Records supplied Block Start

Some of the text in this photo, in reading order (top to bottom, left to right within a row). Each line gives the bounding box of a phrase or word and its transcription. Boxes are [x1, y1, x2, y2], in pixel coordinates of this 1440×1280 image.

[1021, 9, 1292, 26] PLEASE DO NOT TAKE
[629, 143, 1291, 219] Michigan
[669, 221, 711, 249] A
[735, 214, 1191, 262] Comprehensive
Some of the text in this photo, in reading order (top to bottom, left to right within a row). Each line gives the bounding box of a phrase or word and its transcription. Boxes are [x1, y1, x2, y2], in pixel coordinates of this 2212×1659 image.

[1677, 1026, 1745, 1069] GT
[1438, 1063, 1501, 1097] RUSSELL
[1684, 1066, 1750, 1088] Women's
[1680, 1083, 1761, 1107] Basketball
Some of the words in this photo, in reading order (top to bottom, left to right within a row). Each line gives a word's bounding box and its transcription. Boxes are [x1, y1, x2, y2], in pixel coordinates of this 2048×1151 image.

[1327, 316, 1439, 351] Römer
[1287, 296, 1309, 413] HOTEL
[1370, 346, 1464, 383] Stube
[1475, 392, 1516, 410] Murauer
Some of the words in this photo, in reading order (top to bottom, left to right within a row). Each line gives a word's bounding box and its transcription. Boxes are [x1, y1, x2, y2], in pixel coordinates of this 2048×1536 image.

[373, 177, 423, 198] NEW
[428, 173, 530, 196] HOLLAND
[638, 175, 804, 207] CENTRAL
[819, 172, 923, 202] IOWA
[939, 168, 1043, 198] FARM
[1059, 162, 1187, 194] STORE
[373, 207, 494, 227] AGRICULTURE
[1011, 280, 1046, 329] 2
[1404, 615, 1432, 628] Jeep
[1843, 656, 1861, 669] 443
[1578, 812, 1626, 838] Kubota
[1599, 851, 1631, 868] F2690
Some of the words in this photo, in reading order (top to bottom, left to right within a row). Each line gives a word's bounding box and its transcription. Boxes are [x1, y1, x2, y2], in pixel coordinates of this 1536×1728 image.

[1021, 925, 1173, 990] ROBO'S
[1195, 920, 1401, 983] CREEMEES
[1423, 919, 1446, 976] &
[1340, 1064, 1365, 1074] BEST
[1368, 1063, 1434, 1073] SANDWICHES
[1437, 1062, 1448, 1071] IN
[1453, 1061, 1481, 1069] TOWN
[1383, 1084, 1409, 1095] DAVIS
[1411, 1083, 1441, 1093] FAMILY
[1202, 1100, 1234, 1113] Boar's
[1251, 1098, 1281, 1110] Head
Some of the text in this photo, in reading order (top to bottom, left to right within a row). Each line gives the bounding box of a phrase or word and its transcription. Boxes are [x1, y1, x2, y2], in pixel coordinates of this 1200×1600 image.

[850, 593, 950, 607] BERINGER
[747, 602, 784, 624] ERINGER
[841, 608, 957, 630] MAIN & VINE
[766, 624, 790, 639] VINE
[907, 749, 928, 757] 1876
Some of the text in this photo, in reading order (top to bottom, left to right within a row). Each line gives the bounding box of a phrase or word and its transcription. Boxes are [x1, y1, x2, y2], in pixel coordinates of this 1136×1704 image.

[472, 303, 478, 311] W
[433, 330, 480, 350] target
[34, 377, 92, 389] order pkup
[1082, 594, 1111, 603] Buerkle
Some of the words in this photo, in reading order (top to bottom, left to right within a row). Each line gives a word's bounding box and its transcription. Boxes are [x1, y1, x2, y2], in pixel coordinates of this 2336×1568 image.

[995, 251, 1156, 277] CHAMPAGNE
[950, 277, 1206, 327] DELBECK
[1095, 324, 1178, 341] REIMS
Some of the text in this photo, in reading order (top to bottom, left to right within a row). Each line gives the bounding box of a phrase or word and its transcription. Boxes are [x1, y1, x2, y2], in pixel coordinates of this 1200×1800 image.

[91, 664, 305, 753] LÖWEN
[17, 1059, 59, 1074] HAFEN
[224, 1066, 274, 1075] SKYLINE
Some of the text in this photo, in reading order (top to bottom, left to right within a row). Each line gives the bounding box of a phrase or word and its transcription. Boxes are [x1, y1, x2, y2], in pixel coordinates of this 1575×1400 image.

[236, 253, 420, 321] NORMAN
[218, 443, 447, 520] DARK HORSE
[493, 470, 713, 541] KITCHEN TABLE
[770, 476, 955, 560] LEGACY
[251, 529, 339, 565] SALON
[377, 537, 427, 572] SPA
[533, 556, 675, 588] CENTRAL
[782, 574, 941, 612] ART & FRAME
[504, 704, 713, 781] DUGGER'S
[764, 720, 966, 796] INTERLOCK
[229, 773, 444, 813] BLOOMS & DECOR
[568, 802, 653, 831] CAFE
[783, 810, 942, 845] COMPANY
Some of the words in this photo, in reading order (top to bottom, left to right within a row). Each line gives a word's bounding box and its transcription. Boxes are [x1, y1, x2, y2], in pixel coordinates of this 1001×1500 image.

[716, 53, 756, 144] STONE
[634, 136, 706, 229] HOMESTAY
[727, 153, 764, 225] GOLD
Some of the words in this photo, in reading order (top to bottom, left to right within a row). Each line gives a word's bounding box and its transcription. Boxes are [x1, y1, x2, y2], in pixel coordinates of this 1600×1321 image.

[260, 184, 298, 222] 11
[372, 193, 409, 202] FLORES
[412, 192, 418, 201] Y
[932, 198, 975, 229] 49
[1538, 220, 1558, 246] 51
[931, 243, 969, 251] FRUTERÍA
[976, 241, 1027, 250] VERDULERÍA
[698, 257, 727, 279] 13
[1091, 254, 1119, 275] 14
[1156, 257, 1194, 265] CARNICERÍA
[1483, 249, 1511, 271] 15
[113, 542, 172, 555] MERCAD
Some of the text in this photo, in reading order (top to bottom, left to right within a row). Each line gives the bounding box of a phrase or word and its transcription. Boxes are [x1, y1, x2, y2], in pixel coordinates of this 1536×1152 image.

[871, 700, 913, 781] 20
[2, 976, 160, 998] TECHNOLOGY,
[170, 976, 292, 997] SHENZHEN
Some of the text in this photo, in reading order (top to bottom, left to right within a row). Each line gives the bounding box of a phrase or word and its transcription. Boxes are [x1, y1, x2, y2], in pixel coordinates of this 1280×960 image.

Records supplied Block End

Task directions - All entries should be given again precisely as they appear above.

Your response -
Some of the text in this photo, in reading order (top to bottom, left to right within a row). Each line gives the bounding box of a phrase or word and its transcription. Boxes are [x1, y1, x2, y2], in pixel coordinates of this 1440×1280 image.

[1021, 9, 1292, 26] PLEASE DO NOT TAKE
[629, 143, 1291, 219] Michigan
[669, 221, 711, 249] A
[735, 214, 1191, 262] Comprehensive
Some of the text in this photo, in reading order (top to bottom, left to right within a row). Each line gives the bounding box of a phrase or word and its transcription. Boxes are [x1, y1, x2, y2], in pixel coordinates of this 2212×1659 image.

[1677, 1026, 1745, 1069] GT
[1438, 1063, 1501, 1097] RUSSELL
[1684, 1066, 1750, 1088] Women's
[1680, 1083, 1761, 1107] Basketball
Some of the words in this photo, in reading order (top to bottom, left to right within a row). Each line gives a word's bounding box and its transcription. Boxes are [x1, y1, x2, y2], in pixel coordinates of this 2048×1151 image.

[1327, 316, 1439, 351] Römer
[1287, 296, 1309, 413] HOTEL
[1370, 346, 1464, 383] Stube
[1475, 392, 1516, 410] Murauer
Some of the words in this photo, in reading order (top to bottom, left to right within a row). Each line gives a word's bounding box and its transcription. Boxes are [x1, y1, x2, y2], in pixel coordinates of this 2048×1536 image.

[373, 177, 423, 198] NEW
[428, 173, 530, 196] HOLLAND
[638, 175, 804, 207] CENTRAL
[819, 172, 923, 202] IOWA
[939, 168, 1043, 198] FARM
[1059, 162, 1187, 194] STORE
[373, 207, 494, 227] AGRICULTURE
[1011, 280, 1046, 329] 2
[1404, 615, 1432, 628] Jeep
[1843, 656, 1861, 669] 443
[1578, 812, 1626, 838] Kubota
[1599, 851, 1631, 868] F2690
Some of the words in this photo, in reading order (top to bottom, left to right within a row). Each line gives a word's bounding box and its transcription. Boxes are [x1, y1, x2, y2], in pixel coordinates of this 1536×1728 image.

[1021, 925, 1173, 990] ROBO'S
[1195, 920, 1401, 983] CREEMEES
[1423, 919, 1446, 976] &
[1340, 1064, 1365, 1074] BEST
[1368, 1063, 1434, 1073] SANDWICHES
[1437, 1062, 1448, 1071] IN
[1453, 1061, 1481, 1069] TOWN
[1383, 1084, 1409, 1095] DAVIS
[1411, 1083, 1441, 1093] FAMILY
[1202, 1100, 1234, 1113] Boar's
[1251, 1098, 1281, 1110] Head
Some of the text in this photo, in reading order (top to bottom, left to right within a row). Each line gives the bounding box of a phrase or word and its transcription. Boxes are [x1, y1, x2, y2], in pixel coordinates of this 1200×1600 image.

[850, 593, 950, 607] BERINGER
[747, 602, 784, 624] ERINGER
[841, 608, 957, 630] MAIN & VINE
[766, 624, 790, 639] VINE
[907, 749, 928, 757] 1876
Some of the text in this photo, in reading order (top to bottom, left to right within a row). Each line gives the bounding box of a phrase or word and its transcription. Boxes are [x1, y1, x2, y2], in pixel coordinates of this 1136×1704 image.

[472, 303, 478, 311] W
[433, 330, 480, 350] target
[34, 377, 92, 389] order pkup
[1082, 594, 1111, 603] Buerkle
Some of the words in this photo, in reading order (top to bottom, left to right within a row). Each line gives a word's bounding box and its transcription. Boxes are [x1, y1, x2, y2], in pixel coordinates of this 2336×1568 image.

[995, 251, 1156, 277] CHAMPAGNE
[950, 277, 1206, 327] DELBECK
[1095, 324, 1178, 341] REIMS
Some of the text in this photo, in reading order (top to bottom, left to right within a row). Each line gives the bounding box of a phrase or word and its transcription. Boxes are [x1, y1, x2, y2], in pixel coordinates of this 1200×1800 image.

[91, 664, 305, 753] LÖWEN
[17, 1059, 59, 1074] HAFEN
[224, 1066, 274, 1075] SKYLINE
Some of the text in this photo, in reading order (top to bottom, left to right within a row). Each line gives the bounding box of a phrase or word and its transcription. Boxes are [x1, y1, x2, y2], in pixel coordinates of this 1575×1400 image.

[236, 253, 420, 321] NORMAN
[218, 443, 447, 520] DARK HORSE
[493, 470, 713, 541] KITCHEN TABLE
[770, 476, 955, 560] LEGACY
[251, 529, 339, 565] SALON
[377, 537, 427, 572] SPA
[533, 556, 675, 588] CENTRAL
[782, 574, 941, 612] ART & FRAME
[504, 704, 713, 781] DUGGER'S
[764, 720, 966, 796] INTERLOCK
[229, 773, 444, 813] BLOOMS & DECOR
[568, 802, 653, 831] CAFE
[783, 810, 942, 845] COMPANY
Some of the words in this photo, in reading order (top to bottom, left to right within a row). Each line gives a word's bounding box and its transcription. Boxes are [x1, y1, x2, y2], in pixel coordinates of this 1001×1500 image.

[716, 53, 756, 144] STONE
[634, 136, 706, 229] HOMESTAY
[727, 153, 764, 225] GOLD
Some of the words in this photo, in reading order (top to bottom, left to right within a row). Each line gives a word's bounding box and its transcription. Boxes are [x1, y1, x2, y2], in pixel coordinates of this 1600×1321 image.

[260, 184, 298, 222] 11
[372, 193, 409, 202] FLORES
[412, 192, 418, 201] Y
[932, 198, 975, 229] 49
[1538, 220, 1558, 246] 51
[931, 243, 969, 251] FRUTERÍA
[976, 241, 1027, 250] VERDULERÍA
[698, 257, 727, 279] 13
[1091, 254, 1119, 275] 14
[1156, 257, 1194, 265] CARNICERÍA
[1483, 249, 1511, 271] 15
[113, 542, 172, 555] MERCAD
Some of the text in this photo, in reading order (top to bottom, left to right within a row). Each line gives the bounding box of a phrase or word and its transcription. Boxes are [x1, y1, x2, y2], in pixel coordinates of this 1536×1152 image.

[871, 700, 913, 781] 20
[2, 976, 160, 998] TECHNOLOGY,
[170, 976, 292, 997] SHENZHEN
Some of the text in this photo, in reading order (top to bottom, left to right within a row). Each line gives the bounding box of a phrase or word and its transcription. Boxes are [x1, y1, x2, y2], in pixel coordinates of this 1280×960 image.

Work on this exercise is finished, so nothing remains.